- _TASK_:
Give the listing again in full and exactly, apart from its pictures.

(AVAILABLE DATA Opens)

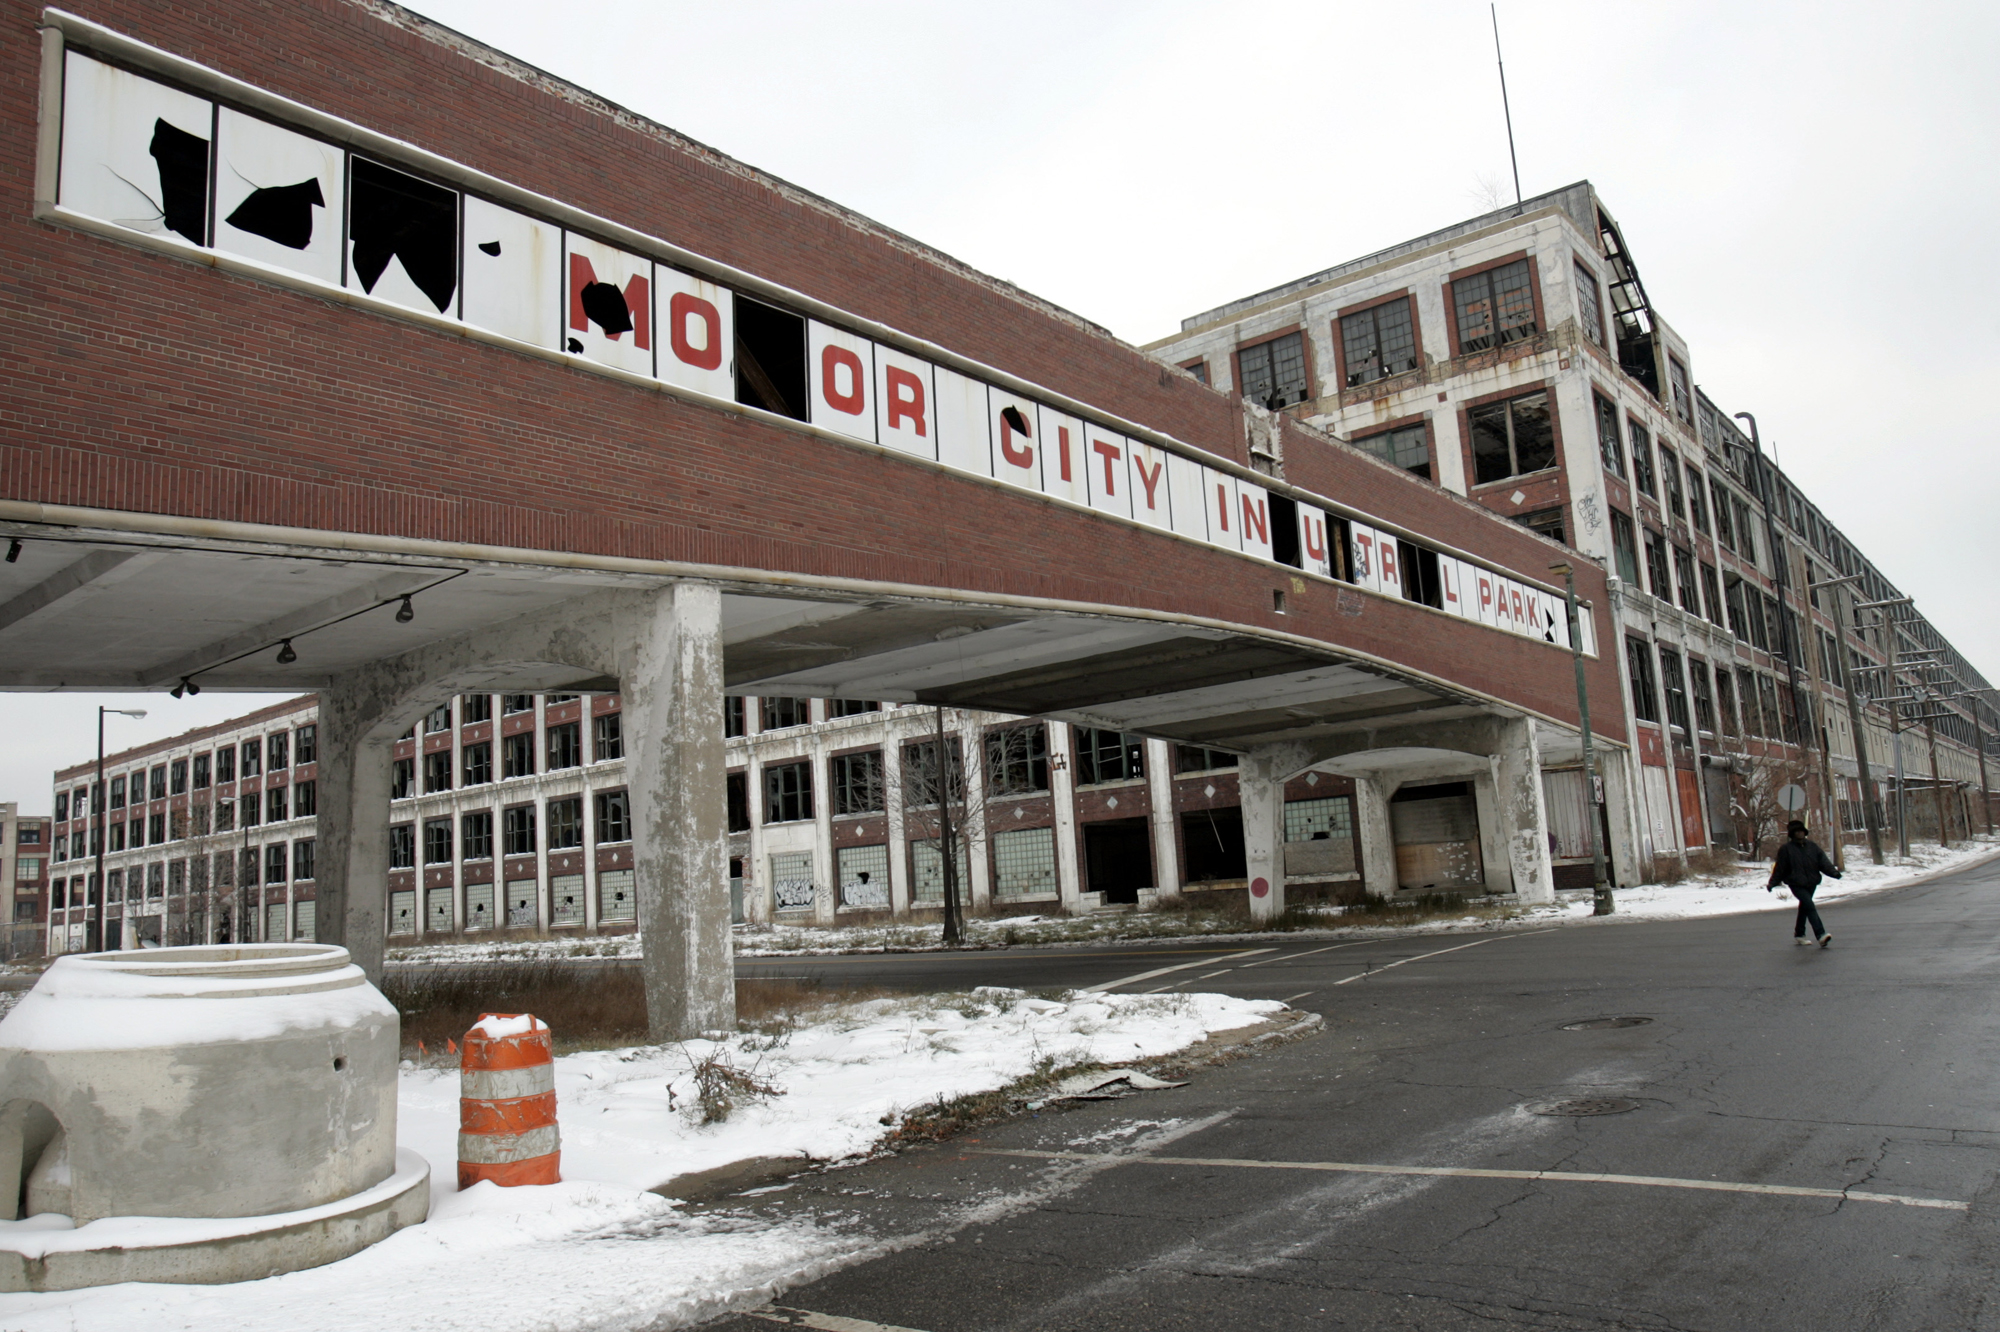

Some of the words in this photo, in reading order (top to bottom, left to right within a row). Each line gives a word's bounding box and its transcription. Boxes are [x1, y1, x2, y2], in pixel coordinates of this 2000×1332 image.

[570, 252, 927, 438] MOOR
[1000, 405, 1162, 510] CITY
[1217, 483, 1457, 603] INUTRL
[1479, 576, 1541, 629] PARK

(AVAILABLE DATA Closes)

- _EXERCISE OUTPUT_:
Some of the words in this photo, in reading order (top to bottom, left to right within a row). Each line gives a word's bounding box and its transcription. Boxes are [x1, y1, x2, y2], in pixel coordinates of this 2000×1332 image.

[570, 252, 927, 438] MOOR
[1000, 405, 1162, 510] CITY
[1217, 483, 1457, 603] INUTRL
[1479, 576, 1541, 629] PARK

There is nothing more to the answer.